Konsili Vatikan II menetapkan bahwa “Upacara dan rumus untuk
Sakramen Tobat hendaknya ditinjau kembali sedemikian rupa, sehingga hakekat dan
buah sakramen terungkap secara lebih jelas ” (Sacro sanctum Concilium, no.72).
Oleh karena itu, Kongregasi untuk Ibadat menerbitkan Ritus Sakramen Tobat pada
tahun 1973. Ritus yang baru ini menambahkan pilihan doa-doa, menyediakan bacaan
dari Kitab Suci serta memperkenalkan “pelayanan- pelayanan Sakramen Tobat ”
dengan pengakuan pribadi. Namun demikian, ketentuan tersebut menetapkan, “bagi
para imam, dan khusus nya para imam paroki dalam melayani individual maupun
komunitas, hendaknya menyesuaikan ritus dengan kondisi konkrit peniten (no.40)”. Sebab itu, pada hari Sabtu sore dengan antrian peniten menunggu giliran
mengaku dosa, imam paroki dapat menggunakan ritus yang lebih “efisien”, yang
mencakup format tradisional yang biasa dipergunakan dalam pengakuan.
PEMERIKSAAN BATIN
Pengakuan dosa dalam Penerimaan Sakramen Tobat harus lah
dimulai dengan pemeriksaan batin. Selalu mulai dengan mengingat. Pikirkan
orang-orang yang ada disekitar kita. Mungkin diawali dengan keluarga. Kemudian
yang lainnya juga: sanak saudara, tetangga, rekan sekerja, teman sekolah, orang
yang kita potong jalannya di jalan raya minggu lalu, dan sebagainya, dan
sebagainya.
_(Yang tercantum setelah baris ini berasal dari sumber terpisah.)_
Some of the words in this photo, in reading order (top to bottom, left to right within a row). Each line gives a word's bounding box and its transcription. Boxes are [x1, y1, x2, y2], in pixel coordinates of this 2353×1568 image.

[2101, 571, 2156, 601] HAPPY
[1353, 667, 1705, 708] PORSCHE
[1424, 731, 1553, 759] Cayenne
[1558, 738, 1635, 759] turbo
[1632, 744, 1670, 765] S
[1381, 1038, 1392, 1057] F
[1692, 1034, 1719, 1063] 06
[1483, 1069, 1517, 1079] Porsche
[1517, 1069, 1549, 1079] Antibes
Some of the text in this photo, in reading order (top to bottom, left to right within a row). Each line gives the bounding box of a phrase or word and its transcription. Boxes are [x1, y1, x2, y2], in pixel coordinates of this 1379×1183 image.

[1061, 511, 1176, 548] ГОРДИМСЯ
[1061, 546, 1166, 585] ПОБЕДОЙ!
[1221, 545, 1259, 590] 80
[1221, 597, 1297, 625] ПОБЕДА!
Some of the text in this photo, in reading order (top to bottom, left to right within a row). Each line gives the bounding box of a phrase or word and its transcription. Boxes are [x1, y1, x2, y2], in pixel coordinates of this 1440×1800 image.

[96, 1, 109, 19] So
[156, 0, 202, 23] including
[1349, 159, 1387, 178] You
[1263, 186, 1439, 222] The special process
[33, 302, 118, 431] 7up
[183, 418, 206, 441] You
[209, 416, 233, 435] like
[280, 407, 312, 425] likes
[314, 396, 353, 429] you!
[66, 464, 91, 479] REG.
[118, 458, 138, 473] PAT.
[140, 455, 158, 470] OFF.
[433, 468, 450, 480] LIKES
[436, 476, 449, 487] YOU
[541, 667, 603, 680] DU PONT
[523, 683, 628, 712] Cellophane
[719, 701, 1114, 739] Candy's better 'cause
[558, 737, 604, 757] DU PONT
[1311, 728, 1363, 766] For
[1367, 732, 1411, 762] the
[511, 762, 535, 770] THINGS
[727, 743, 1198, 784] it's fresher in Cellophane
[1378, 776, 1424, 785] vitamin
Pikirkan tentang kejadian- kejadian baru- baru ini dalam hidup kita
yang melibatkan orang-orang tersebut. Pengaruh apakah yang kita berikan kepada mereka?
Apakah yang telah kita lakukan sehingga menyakiti mereka? Juga, apakah yang
seharusnya kita lakukan, tetapi tidak kita lakukan? Adakah seseorang yang
membutuhkan pertolongan dan kita tidak menawarkan pertolongan?
Sekarang tarik mundur ingatan agak sedikit jauh ke belakang.
Kemungkinan kita tidak melakukan suatu dosa besar atau “dosa berat”, tetapi
adakah dosa-dosa yang merupakan kebiasaan, yang kita lakukan dan lakukan lagi.
Setetes air hujan mungkin tidak berarti, tetapi jika tetesan- tetesan itu
ditampung untuk jangka waktu yang lama, maka tetesan hujan itu dapat
mengakibatkan banjir! Suatu ejekan, yang kecil dan sepele-jika diulang dan
diulang- dapat menjadi gunung kebencian.
Pada umumnya kita lupa akan sebagian besar perkara yang kita
lakukan. Oleh karena itulah suatu sarana sederhana diperlukan untuk membantu.
Sarana itu disebut “Pemeriksaan Batin” yaitu suatu daftar pertanyaan untuk
diajukan kepada diri sendiri sebelum kita mengaku dosa.
Suara Batin atau Hati Nurani adalah kesadaran moral atau etika atas kelakuan kita dengan dorongan
untuk memilih yang baik dari yang jahat . Suara batin haruslah dibentuk dalam
terang Sabda Allah, yaitu melalui Gereja.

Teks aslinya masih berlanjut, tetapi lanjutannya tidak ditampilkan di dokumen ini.